*** PROVIDED DATA Section Begins ***

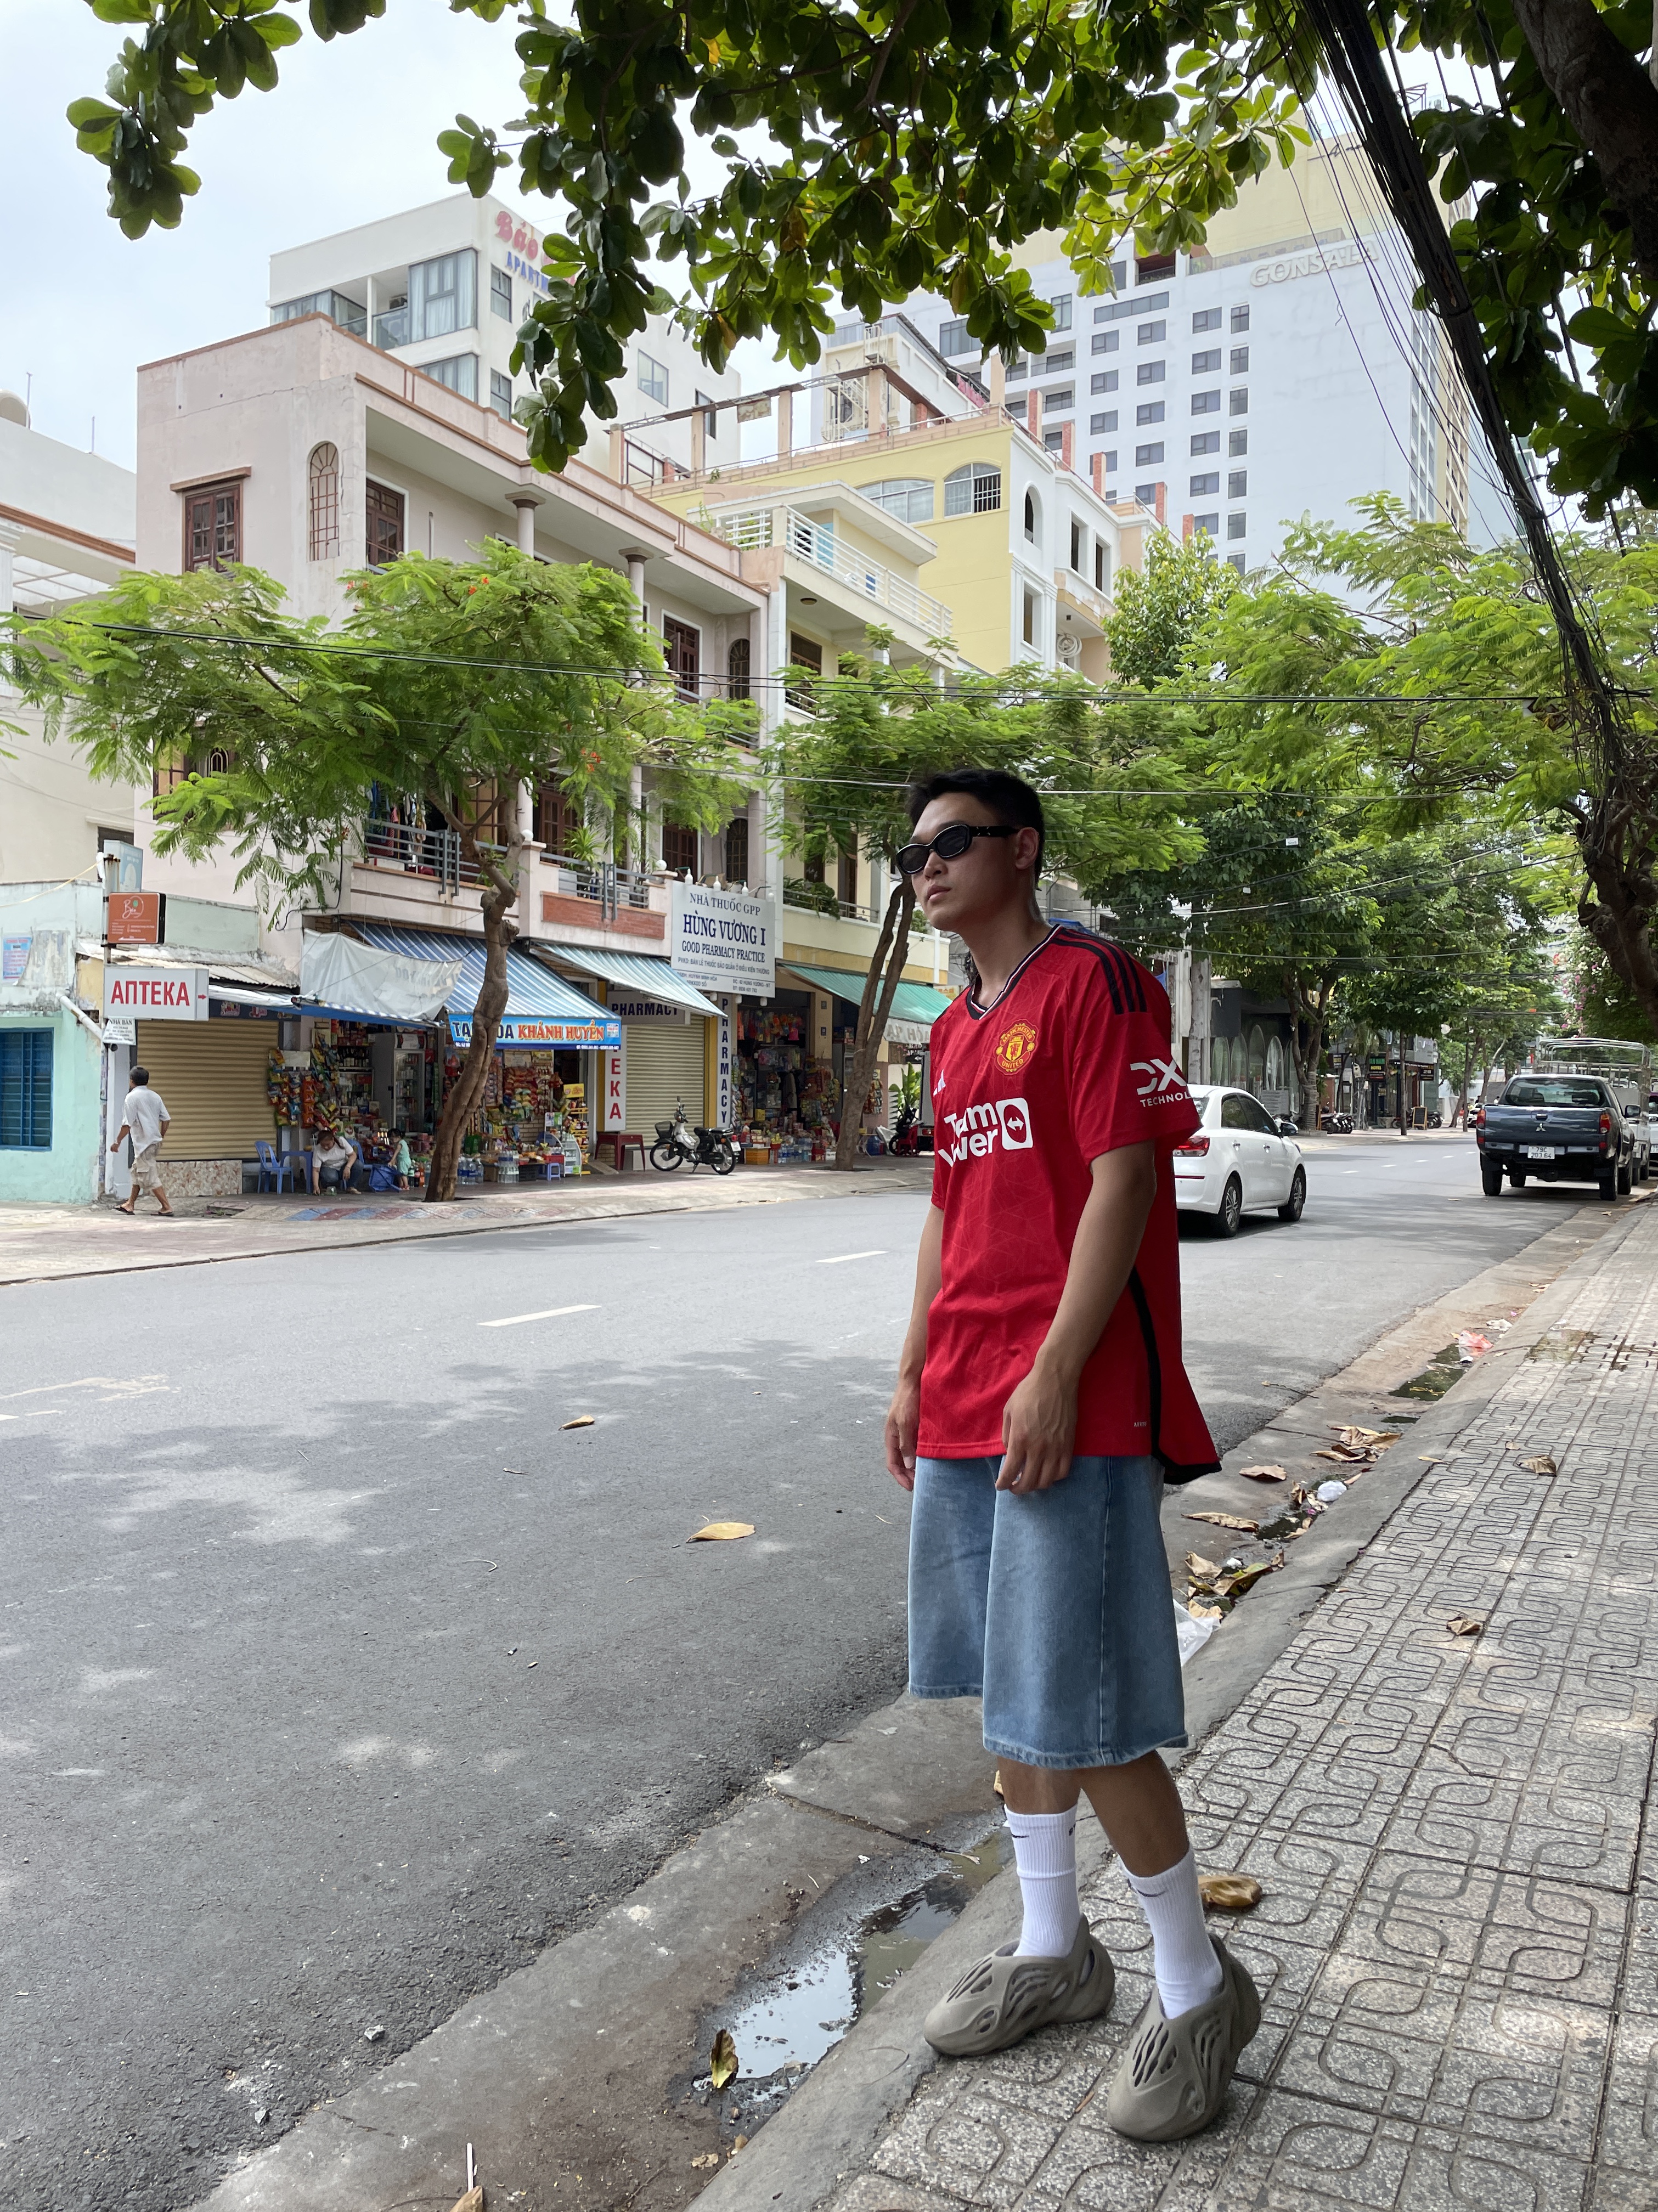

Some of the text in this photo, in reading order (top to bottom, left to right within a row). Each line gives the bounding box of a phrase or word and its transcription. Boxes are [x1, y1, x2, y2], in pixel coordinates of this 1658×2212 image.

[506, 251, 549, 294] APARTM
[690, 893, 760, 916] NHÀ THUỐC GPP
[683, 910, 717, 938] HÙNG
[719, 919, 757, 945] VƯƠNG
[682, 940, 765, 963] GOOD PHARMACY PRACTICE
[111, 980, 190, 1006] АПТЕКА
[1002, 1026, 1033, 1042] MANCHESTER
[1001, 1058, 1023, 1068] UNITED
[1140, 1091, 1191, 1107] TECHNOL
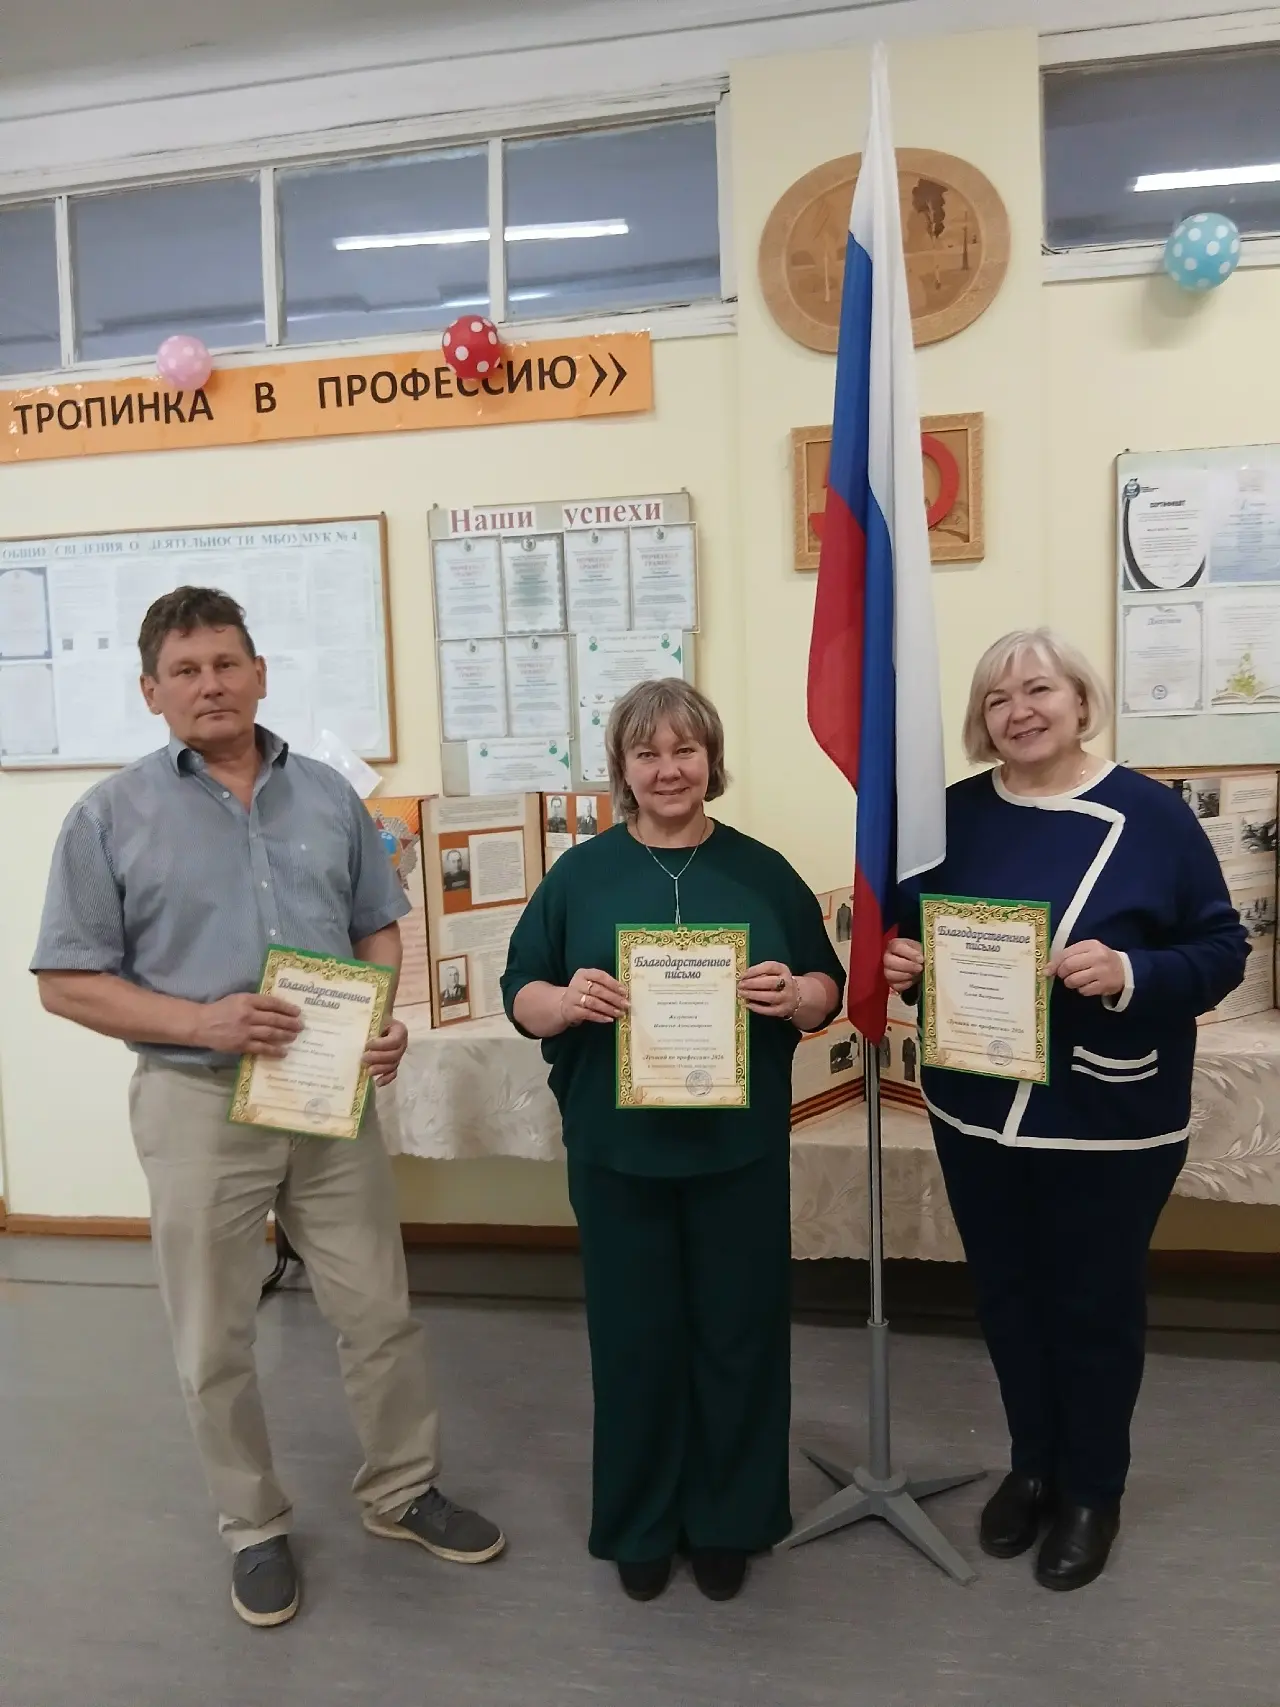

*** PROVIDED DATA Section Ends ***

#### [WORK REQUEST]
Start to finish, write out the data above exactly, omitting all pictures.

#### [EXERCISE RESULT]
Some of the text in this photo, in reading order (top to bottom, left to right within a row). Each line gives the bounding box of a phrase or word and its transcription. Boxes are [x1, y1, x2, y2], in pixel coordinates of this 1658×2212 image.

[506, 251, 549, 294] APARTM
[690, 893, 760, 916] NHÀ THUỐC GPP
[683, 910, 717, 938] HÙNG
[719, 919, 757, 945] VƯƠNG
[682, 940, 765, 963] GOOD PHARMACY PRACTICE
[111, 980, 190, 1006] АПТЕКА
[1002, 1026, 1033, 1042] MANCHESTER
[1001, 1058, 1023, 1068] UNITED
[1140, 1091, 1191, 1107] TECHNOL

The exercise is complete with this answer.